In dieser Arbeit wurden Strategien entwickelt um neue und spezifische peptidbasierte Affinitätssonden für HDACs zu etablieren. Zu diesem Zweck wurde der Einfluss verschiedener zinkbindender funktioneller Gruppen und Peptidsequenzkontexte auf die Rekrutierung von HDACs untersucht.
Basierend auf Hydroxamsäure-, 2-Aminophenylamid- und Keton-HDAC-Inhibitoren wurden Syntheserouten für geschützte Aminosäurebausteine entworfen, die diese Strukturelemente als zinkbindende Gruppen enthalten. Durch das Einbetten der jeweiligen Bausteine in Peptidsonden mit einem minimalen Sequenzkontext wurden neue Werkzeuge geschaffen um endogene HDACs aus zellulären Lysaten zu isolieren.

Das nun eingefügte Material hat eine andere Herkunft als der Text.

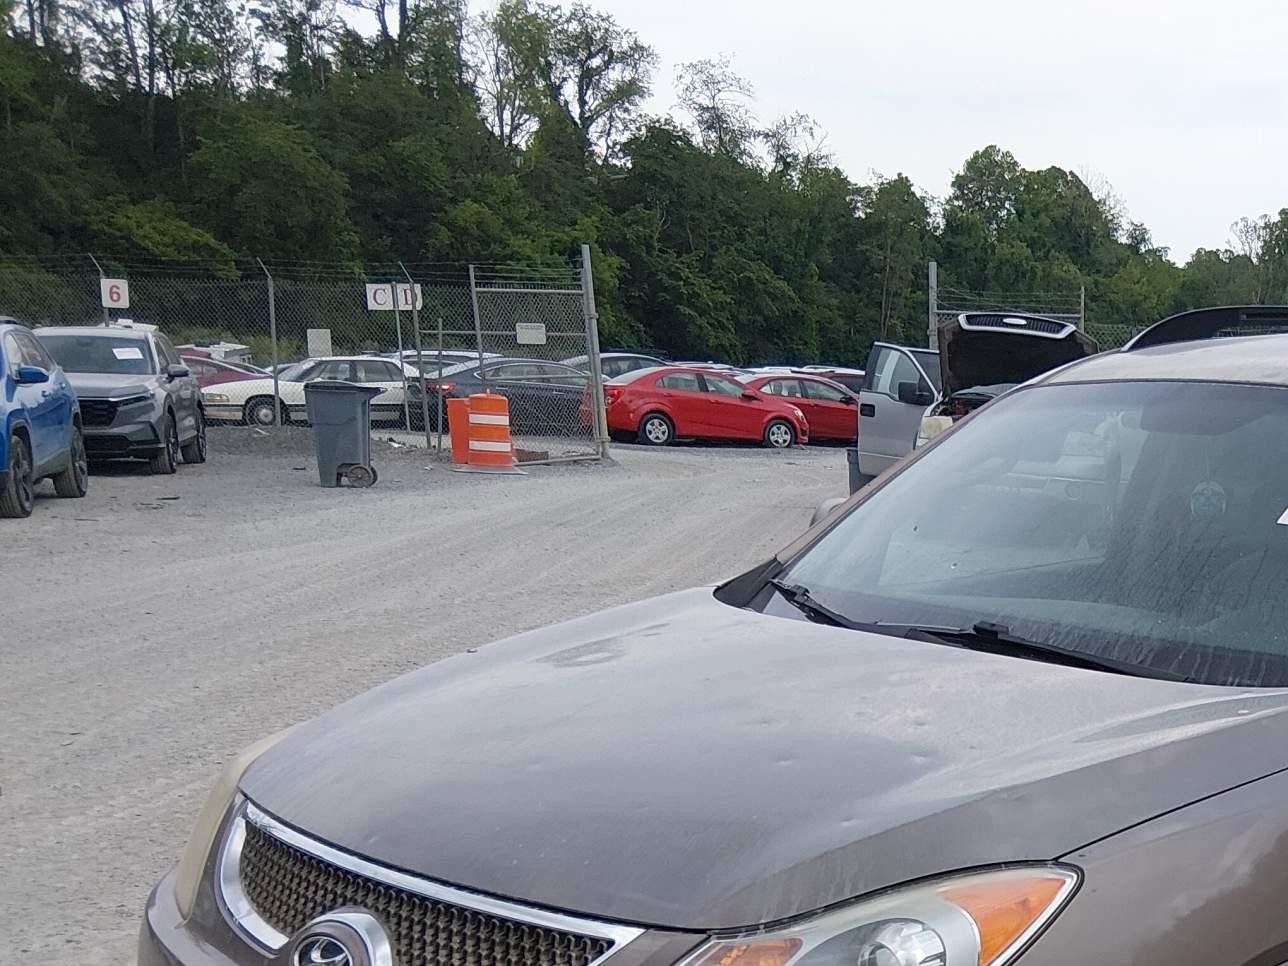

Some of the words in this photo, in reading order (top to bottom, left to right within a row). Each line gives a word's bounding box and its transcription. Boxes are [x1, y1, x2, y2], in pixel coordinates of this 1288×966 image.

[109, 284, 121, 303] 6
[373, 288, 387, 306] C
[403, 288, 418, 306] D

Verglichen mit Kontrollsonden, die entweder eine Hydroxamsäure mit breiter Spezifität oder unmodifiziertes Lysin enthielten, zeigte die 2-Aminophenylamid-Sonde in Pulldown-Experimenten eine ausgeprägte Selektivität für die Klasse-I-HDACs 1, 2 und 3. Die Keton-Sonde konnte im Vergleich zur Hydroxamsäure-Sonde HDAC1 der Klasse I effektiver gegenüber der Lysin-Kontrolle anreichern als HDAC6 der Klasse II. Die Untersuchungen wurden dann auf eine proteomweite Ebene ausgedehnt und die Interaktome ausgewählter Sonden bestimmt. Gegenüber der Hydroxamsäure-Kontrolle konnte dabei der HDAC3-NCoR /SMRT-Komplex an der 2-Aminopheylamid-Sonde signifikant angereichert werden, was die Fähigkeit peptidbasierter Affinitätssonden aufzeigt HDAC-Komplexe spezifisch adressieren zu können.
Das Design der HDAC-Affinitätssonden wurde anschließend im Hinblick auf Hochdurchsatzverfahren optimiert, die notwendig sind, um die Substratspezifität von HDACs in einem proteomweiten Umfang zu untersuchen. Zu diesem Zweck wurde ein Hochdurchsatz-Assay entwickelt, der auf dem Format von 96-Well-Platten basiert. Ein Sondendesign wurde entworfen, das es ermöglicht vollständig synthetisierte Peptide selektiv aus einem rohen Produktgemisch mittels eines N-terminalen Thiol-Ankers zu isolieren und somit eine zeitaufwendige Reinigung zu umgehen. Der neu entwickelte 96-Well-Assay wurde dann angewendet, um den Einfluss von Peptidsequenzkontexten auf die Selektivität von HDACs zu bewerten. Dazu wurden potentielle Substrate von HDAC6 untersucht, die in Zellen mit verminderter HDAC6-Aktivität identifiziert wurden. Die Mehrheit der getesteten Sequenzen war dabei in der Lage HDAC6 an den entsprechenden Hydroxamsäure-Sonden gegenüber den Lysin-Kontrollen anzureichern, während HDAC1 unspezifisch oder nur schwach rekrutiert wurde. Ausgewählte Sequenzkontextsonden wurden im Detail mittels MS-gestützter Proteomik charakterisiert, was es ermöglichte spezifische Interaktionsprofile der jeweiligen Sonden mit potentiellen HDAC6-Bindingspartnern zu ermitteln, die an vielfältigen biologischen Prozessen beteiligt sind, wie Transkriptionsfaktoren, Proteine des Cytoskeletts oder Komponenten des Ubiquitin-Proteasom-Systems. Abschließend konnte mittels eines MALDI-MS-basierten, kinetischen Assays und Acetyllysin-Substraten gezeigt werden, dass der jeweilige Peptidsequenzkontext einen fein abgestuften Einfluss auf die Geschwindigkeit der durch HDAC6 katalysierten Deacetylierungsreaktion ausübt.